Monica gave a disgruntled sigh. She knew Samuel well enough now not to need affinity to hear the thought in his head: strange
concept. If one Edenist went inside, then technically all of them did. Her hand fluttered towards him in a modestly embarrassed
gesture. He winked back.

The operations centre could have been the office of any medium-sized commercial enterprise. Air-conditioned yet strangely
airless, it had the standard desks with (more sophisticated than usual) processor blocks, big wall screens, ceiling-mounted
AV pillars, and side offices with heavily tinted glass walls. Eleven ESA staffers were sitting in big leather chairs, monitoring
what they could of the planet’s current military and politico-strategic situation. Information was becoming a precious resource
as Tonala’s communications net started to suffer glitches; the only certainty gained from the overall picture was how close
the orbital situation was getting to all-out confrontation.

Tonala’s state of emergency had been matched by that of the other nations. Then in the last twenty minutes Tonala’s high command
had confirmed it had lost the
Spirit of Freedom
station to unknown foreign elements. In response, five warships had been dispatched to intercept the
Urschel, Raimo
, and the
Pinzola
to try to find out what had happened. Every other government was complaining that their deployment at this time constituted
a deliberately provocative act.

Adrian led Monica and Samuel through into a conference room on the far side of the operations centre. “My chief analyst gives
us two hours tops before the shooting starts for real,” he said glumly as he sat at the head of the table.

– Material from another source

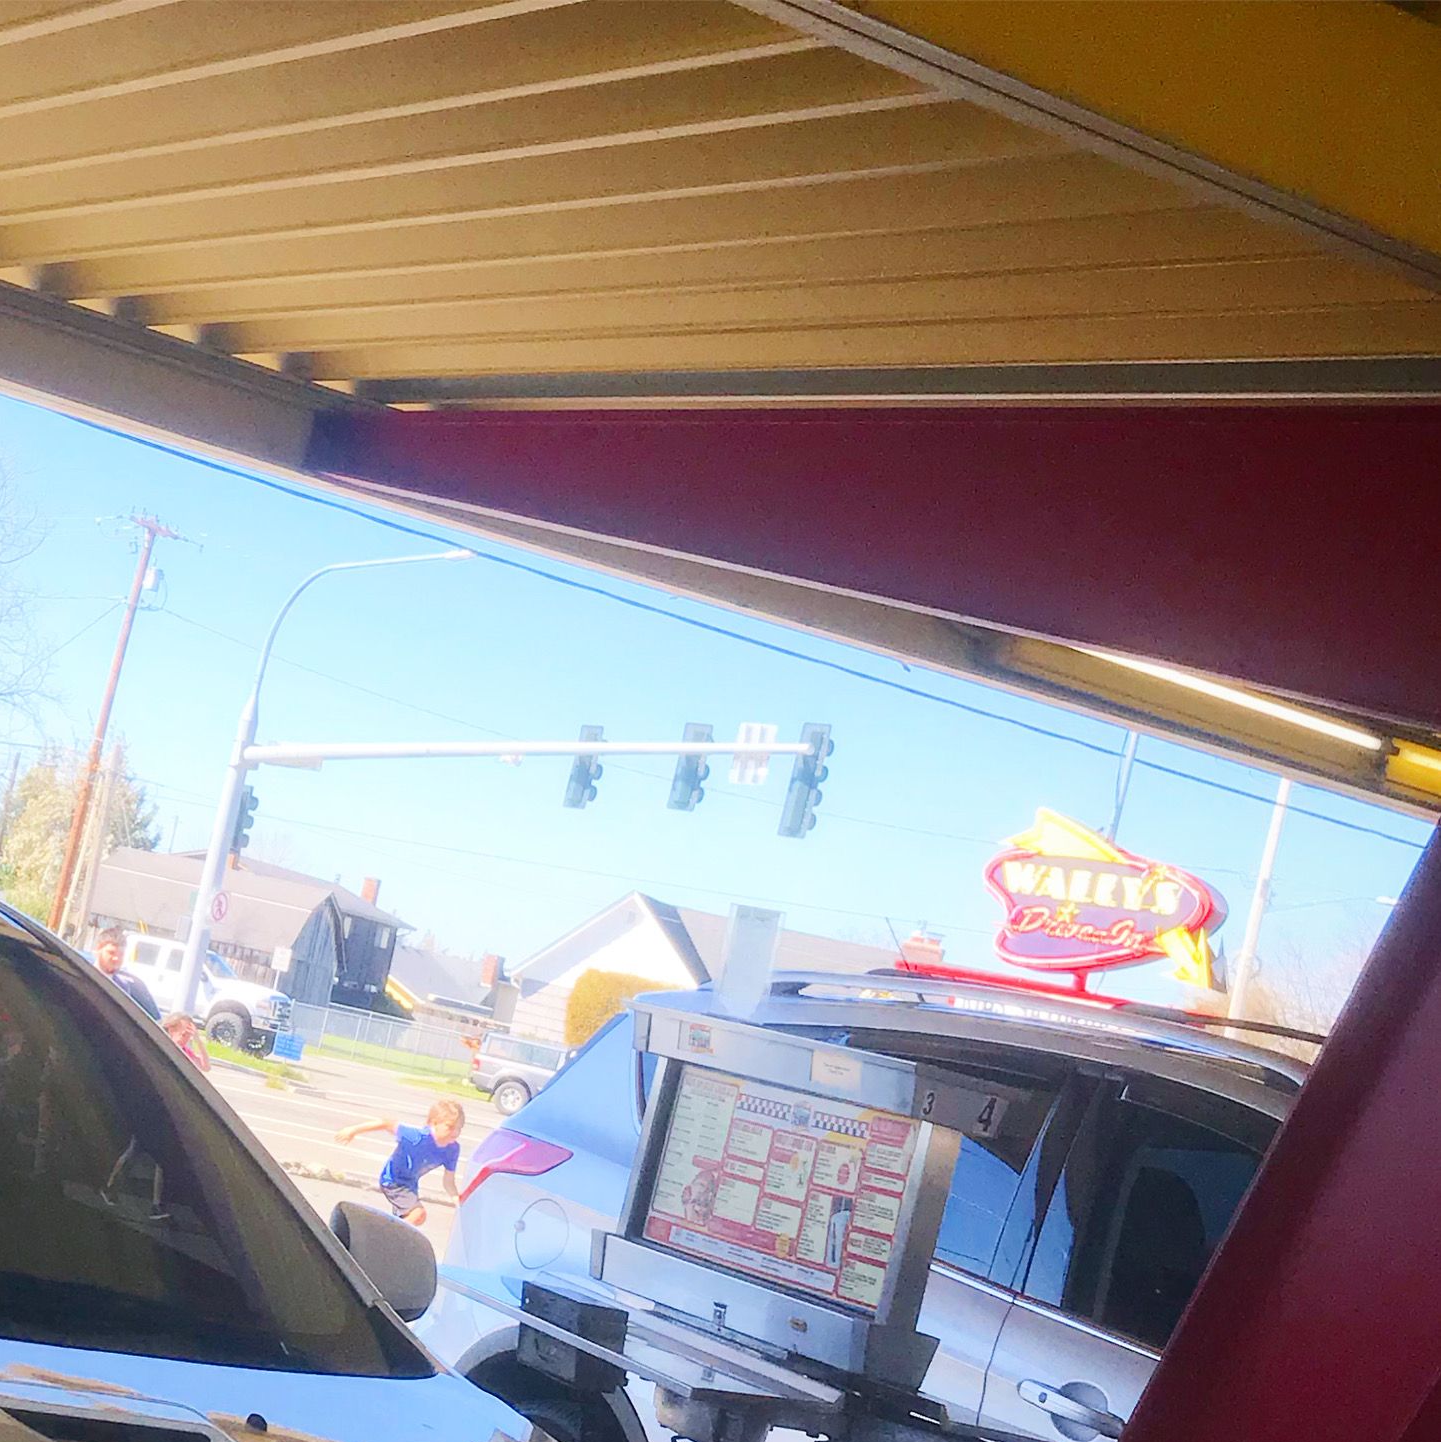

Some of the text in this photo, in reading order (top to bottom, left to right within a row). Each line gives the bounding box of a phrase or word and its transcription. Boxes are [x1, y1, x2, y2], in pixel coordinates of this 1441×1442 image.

“I hate to say this, but that really is secondary to our mission,” Monica said. “We must secure Mzu. She cannot be killed
or captured. It would be a disaster for the Confederation.”

“Yeah, I accessed the report,” Adrian said glumly. “The Alchemist by itself is bad enough, but in the hands of the possessed.…”

“A fact you may not have yet,” Samuel said. “The frigates
Urschel, Raimo
, and
Pinzola
are all Organization starships. Capone must know Dr Mzu is here; his representatives will not demonstrate any restraint or
subtlety at all. Their actions could well trigger the war.”

“Jeeze, they sent some spaceplanes down after they arrived. Nobody knows where the hell to, the planetary sensor coverage
is wiped.”

“What about local air defence coverage for the city?” Monica asked.

“Reasonably intact. Kulu supplied the hardware about eleven years ago; hardly top grade but it’s still functioning. The embassy
has an over-the-shoulder feed from the Tonala defence force headquarters.”

“So if the Organization spaceplanes approach Harrisburg you’ll be able to warn us.”

“No problem.”

“Good, that ought to give us a couple of minutes breathing space. Next question, did you find her?”

Adrian pretended offence. “Of course we found her,” he said, grinning. “We’re the ESA, remember?”

“Right; truth is always worse than rumour. Where is she?”

Adrian datavised the officer running the surveillance mission on Mzu. “She booked in at the Mercedes Hotel, or rather Voi
did, as soon as they arrived. They made very little effort to cover their tracks; Voi used a credit disk registered under
an alias, but it’s still got her biolectric pattern. I mean, how amateur can you get?”

“They’re not even amateurs, they’re just kids,” Samuel said. “They eluded us on their home ground because we were rushed.
Out here they’re completely defenceless against any professional agency.”

“Voi did approach a local security firm,” Adrian said. “But she hasn’t followed it up. Her request for bodyguards was cancelled.
They seem to have linked up with some locals instead. We’re not sure who they are. There certainly aren’t any Garissa partizan
cadres on Nyvan.”

“How many locals?” Monica asked.

“Three or four, we think. As we don’t know who they are, it’s hard to be sure.”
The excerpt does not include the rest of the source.